A Node.js Express application deployed in production needs more than just node server.js. It needs environment configuration management that prevents secrets from leaking, a structured application lifecycle with clear startup and shutdown phases, zero-downtime deployment patterns that eliminate maintenance windows, and health and readiness endpoints that integrate with load balancers and orchestration platforms. This lesson builds the complete production application architecture for the MEAN Stack task manager API.
Deployment Patterns
| Pattern | Downtime | Complexity | Rollback |
|---|---|---|---|
| Restart (naive) | Brief | Low | Manual |
| PM2 graceful reload | Zero | Low | pm2 revert |
| Blue-Green (Docker) | Zero | Medium | Switch load balancer back |
| Rolling (Kubernetes) | Zero | High | Automatic on health check failure |
Health Check Types
| Endpoint | Returns | Used By | Checks |
|---|---|---|---|
/health/live |
200 if process is running | Kubernetes liveness probe | Process alive — if fails, restart container |
/health/ready |
200 if ready for traffic | Kubernetes readiness probe + load balancer | DB connected, cache connected, not shutting down |
/health |
200 with full status JSON | Monitoring dashboards, humans | All dependencies with status details |
dotenv-flow instead of plain dotenv for environment configuration. dotenv-flow loads files in order: .env (base), .env.local (local overrides, gitignored), .env.production (production defaults, committed), .env.production.local (production local overrides, gitignored). Variables in later files override earlier ones. This layered approach allows committed base configuration with local and environment-specific overrides without complex CI configuration./health/ready endpoint must return 503 during startup (before dependencies are connected) and during shutdown (after server.close() is called). If it returns 200 during startup, the load balancer routes traffic before the app is ready — requests fail. If it keeps returning 200 during shutdown, the load balancer keeps sending traffic to a draining server — responses are dropped as connections close. The isReady flag is the most critical state in the application lifecycle.Complete Production Application Architecture
// src/config/env.js — Environment validation and access
const path = require('path');
// Load .env files in order (dotenv-flow pattern)
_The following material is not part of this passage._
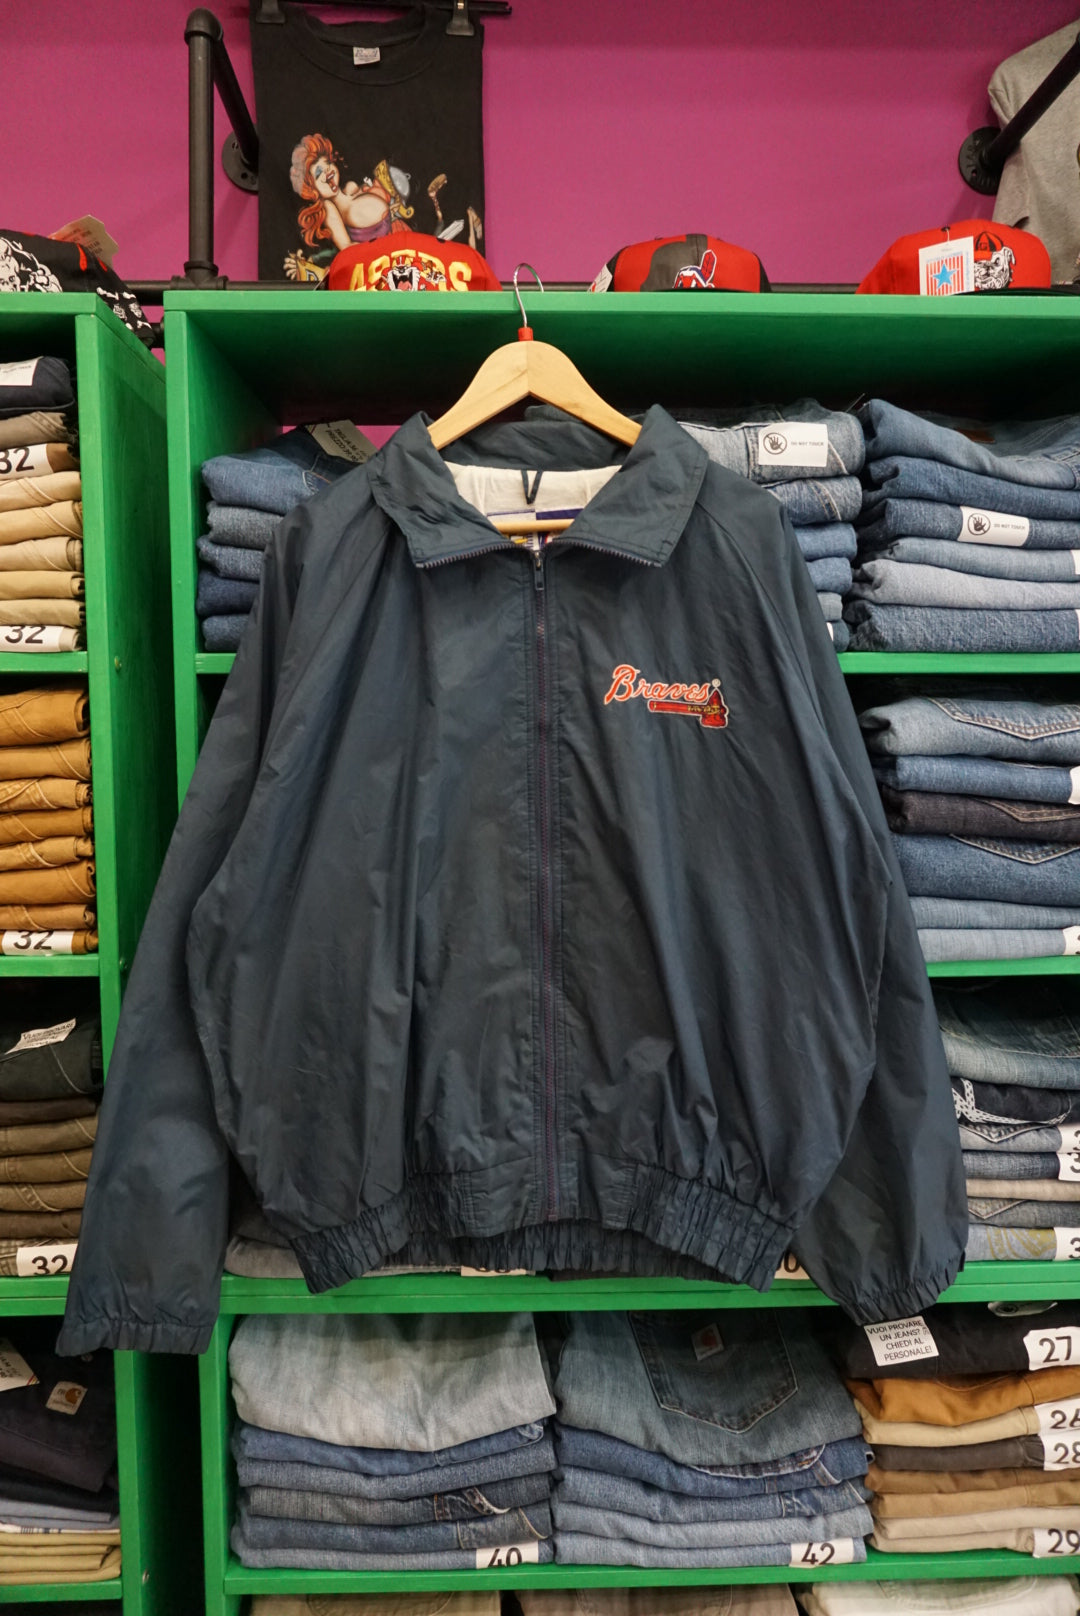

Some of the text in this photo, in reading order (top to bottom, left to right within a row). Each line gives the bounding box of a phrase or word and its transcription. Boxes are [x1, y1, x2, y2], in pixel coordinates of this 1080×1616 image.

['', '.local', `.${process.env.NODE_ENV}`, `.${process.env.NODE_ENV}.local`]
.filter(Boolean)
.forEach(suffix => {
const envFile = path.resolve(process.cwd(), `.env${suffix}`);
try {
require('dotenv').config({ path: envFile, override: false });
} catch {} // file may not exist
});
// Validate required variables
const schema = {
NODE_ENV: { required: true, default: 'development' },
PORT: { required: false, default: '3000', type: 'number' },
MONGO_URI: { required: true },
JWT_SECRET: { required: true, minLength: 32 },
REFRESH_SECRET: { required: true, minLength: 32 },
REDIS_URL: { required: false, default: 'redis://localhost:6379' },
LOG_LEVEL: { required: false, default: 'info' },
CORS_ORIGINS: { required: false, default: 'http://localhost:4200' },
};
const errors = [];
const env = {};
for (const [key, rules] of Object.entries(schema)) {
const raw = process.env[key] ?? rules.default;
if (rules.required && !raw) {
errors.push(`Missing required: ${key}`);
continue;
}
if (rules.minLength && raw && raw.length < rules.minLength) {
errors.push(`${key} must be at least ${rules.minLength} characters`);
}
env[key] = rules.type === 'number' ? parseInt(raw, 10) : raw;
}
if (errors.length) {
console.error('Environment configuration errors:\n' + errors.join('\n'));
process.exit(1);
}
module.exports = env;
// ── src/server.js — production application lifecycle ─────────────────────
const mongoose = require('mongoose');
const app = require('./app');
const env = require('./config/env');
const { logger } = require('./config/logger');
const { getRedisClient } = require('./config/redis');
// Application state machine
const state = {
isStarting: true,
isReady: false,
isShuttingDown:false,
startTime: Date.now(),
};
// ── Health endpoints ─────────────────────────────────────────────────────
// Liveness — is the process running?
app.get('/health/live', (req, res) => {
if (state.isShuttingDown) return res.status(503).json({ status: 'shutting_down' });
res.json({ status: 'alive', uptime: process.uptime() });
});
// Readiness — is the process ready to serve traffic?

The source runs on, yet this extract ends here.